Starbucks es la compañía más grande de café del mundo con aproximadamente 16.000 locales en 44 países y más de 170.000 empleados. Sus autores entendieron que el mayor logro de una empresa es asegurarse la lealtad de sus clientes al tiempo que les crea experiencias personalizadas. Para Schultz los consumidores demandan vivencias extraordinarias y memorables y no productos o servicios. Alguna vez declaró: “Nosotros no estamos en el negocio del café al servicio de la gente sino en el negocio de la gente y servimos café”.
Hoy, después de 38 años de historia, Starbucks Coffee se ha consolidado con los más altos estándares de calidad. Allí todo funciona y es agradable. Dave Olson, vicepresidente de desarrollo de liderazgo de Starbucks lo ha dicho: “No importa cuantos millones de tazas de café sirva Starbucks, si la que le toca a Ud. no lo deja satisfecho. Starbucks debe estar en capacidad de servir automáticamente a cada cliente, siempre de la misma manera. Le serviremos una bebida que le satisfaga cuantas veces la pida. Ésta tiene que ser apropiada para el cliente”.
La última innovación de la empresa del logo de la sirena, ha sido su contribución con el medio ambiente. Desde Abril del 2009, las políticas sobre la higiene y cuidado en la manipulación de alimentos cambiaron radicalmente, cerrando para siempre las llaves que limpiaban las tuberías. Además rebajan unos $1200 (0.50 US$) a quien prefiera no usar desechables en las bebidas. Su relación con Colombia, está en un tipo de café que consideran el mejor, el Nariño Supremo, un café exclusivo de Starbucks que no se puede encontrar en ningún otro lugar.

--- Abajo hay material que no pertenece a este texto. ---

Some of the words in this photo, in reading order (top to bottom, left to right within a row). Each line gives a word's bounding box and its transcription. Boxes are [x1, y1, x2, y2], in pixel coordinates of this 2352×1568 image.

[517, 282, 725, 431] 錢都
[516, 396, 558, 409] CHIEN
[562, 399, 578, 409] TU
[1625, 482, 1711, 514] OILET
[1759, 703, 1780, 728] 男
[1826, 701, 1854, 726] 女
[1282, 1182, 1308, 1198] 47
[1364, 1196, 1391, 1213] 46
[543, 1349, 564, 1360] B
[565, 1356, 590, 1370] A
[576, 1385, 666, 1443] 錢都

En fin de cuentas las tiendas Juan Valdez han intentado emular a Starbucks inspirándose en su formato. Pero llegar a ese punto tan alto no es nada fácil ya que demanda tiempo, creatividad, investigación y grandes inversiones. Pero más aun, el dominio de una auténtica filosofía de servicio al cliente y ello exige mucho recorrido. Se ha hecho bastante, pero de allí a que la marca colombiana quiera comprar o dominar Starbucks, es casi una herejía. No tanto por el dinero, sino por la capacidad para sostener los niveles de calidad integral del letrero verde.

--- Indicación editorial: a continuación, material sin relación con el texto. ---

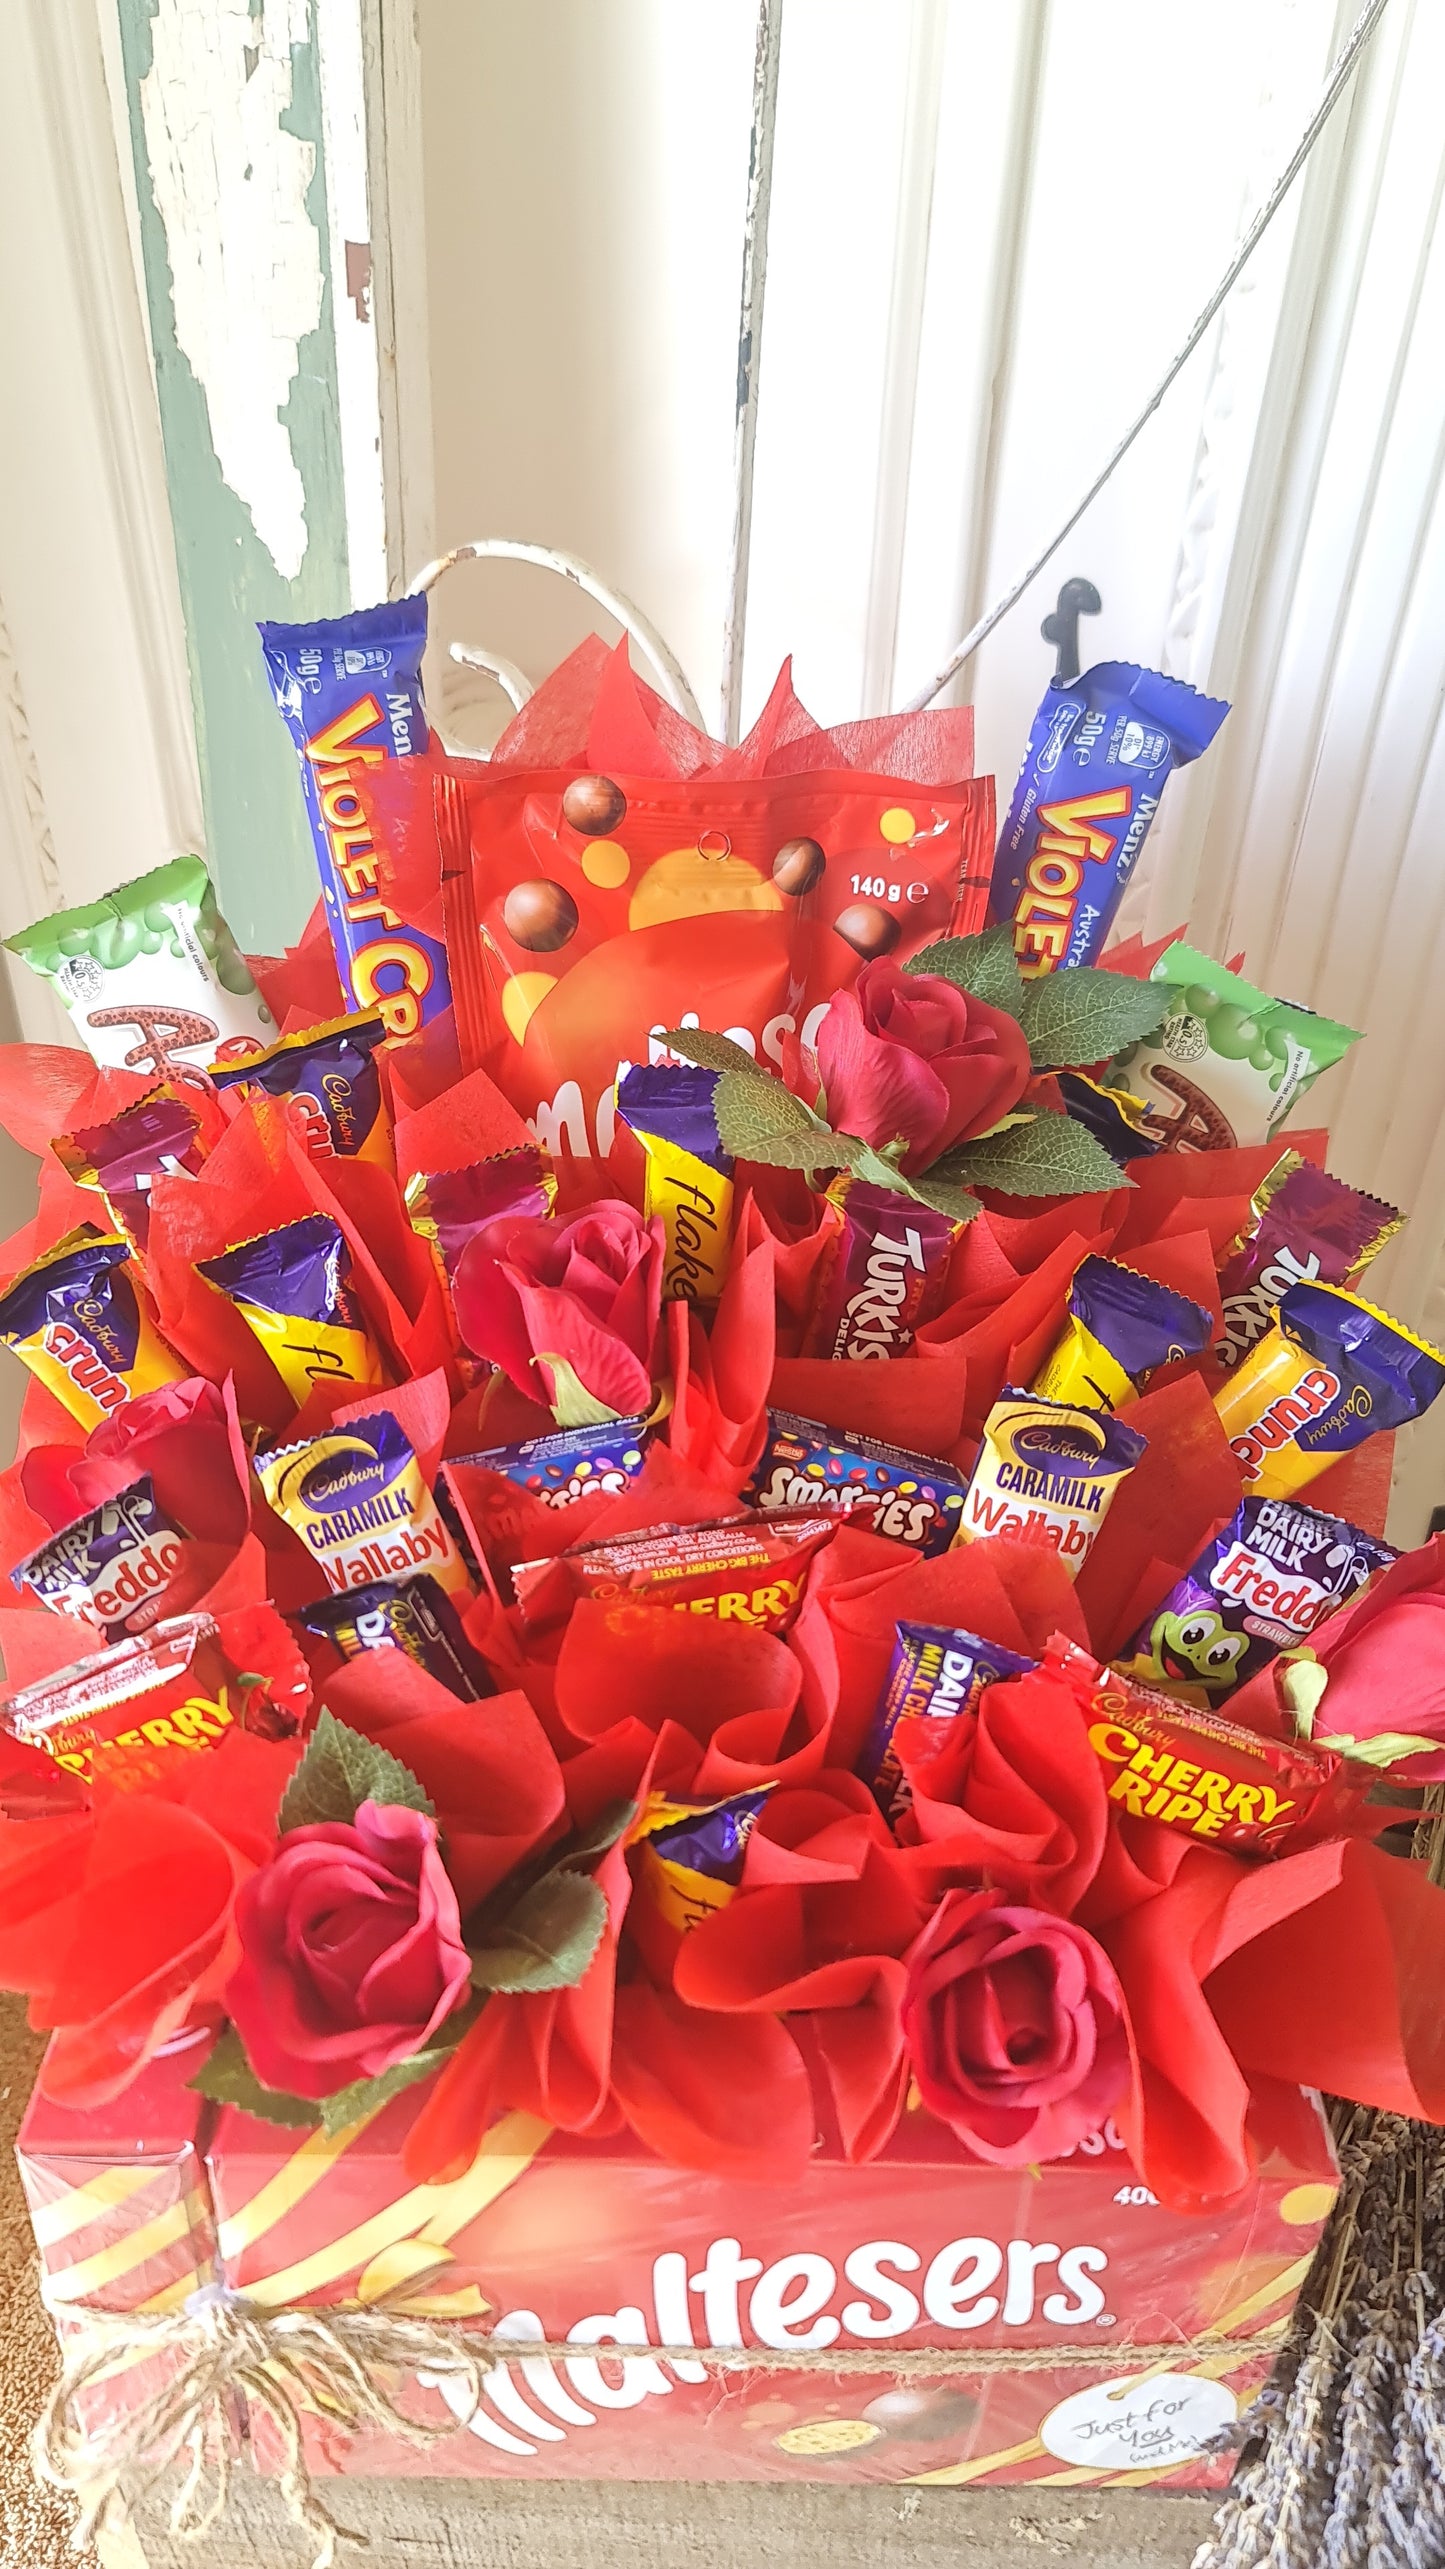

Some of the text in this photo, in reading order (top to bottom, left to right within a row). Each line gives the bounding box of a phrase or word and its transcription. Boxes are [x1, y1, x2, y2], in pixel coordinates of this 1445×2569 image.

[385, 693, 413, 757] Men
[1074, 711, 1107, 746] 50g
[1016, 787, 1038, 827] Gluten
[1117, 792, 1159, 868] Menz
[1010, 826, 1026, 851] Free
[191, 953, 209, 983] colours
[1282, 1060, 1300, 1100] artificial
[321, 1073, 355, 1147] Cadbury
[1266, 1099, 1286, 1123] colours
[72, 1299, 128, 1364] Cadbury
[1306, 1385, 1373, 1445] Cadbury
[1020, 1432, 1100, 1471] Cadbury
[308, 1462, 385, 1502] Cadbury
[996, 1461, 1106, 1513] CARAMILK
[306, 1487, 416, 1549] CARAMILK
[1256, 1506, 1334, 1555] DAIRY
[651, 1553, 771, 1581] THE BIG CHERRY TASTE
[1245, 1526, 1310, 1572] MILK
[910, 1643, 943, 1694] MILK
[1091, 1692, 1176, 1750] Cadbury
[1087, 1723, 1296, 1824] CHERRY
[1108, 1769, 1233, 1838] RIPE
[415, 2236, 1109, 2457] Maltesers
[1071, 2412, 1135, 2440] Just

Las tiendas Juan Valdez son un gran referente de café en proceso de construcción de un concepto genuino de calidez y calidad. Pero sus espacios aun son fríos, con dependientes algo mecánicos y en tantos casos con productos que se ofrecen pero no los hay. Un ejemplo aleatorio son los llamados “pods” o cojines para preparar café en unas máquinas que vende el mismo Juan Valdez. No tienen sistema “abre-fácil” y muchas veces se rompen destruyendo el contenido interior.
Con estas grietas, no se pueden tener pretensiones para asumir el control de un imperio líder en servicio y atención a la gente. Además, hoy, sólo el 10 por ciento de la compañía puede costar unos 1.200 millones de dólares, cerca de ¡tres billones de pesos! ¿Hasta dónde se justifica hacer este ejercicio, si las pérdidas consolidadas de las tiendas Juan Valdez se dice ya van en unos 60 mil millones de pesos? Solo por la “goma”, un gerente no puede asumir semejante riesgo. Como dirían las “cuchachas” más sabias de este país, Tola y Maruja: “Este Caracol está tan lejos, como Juan Valdez de Starbucks”.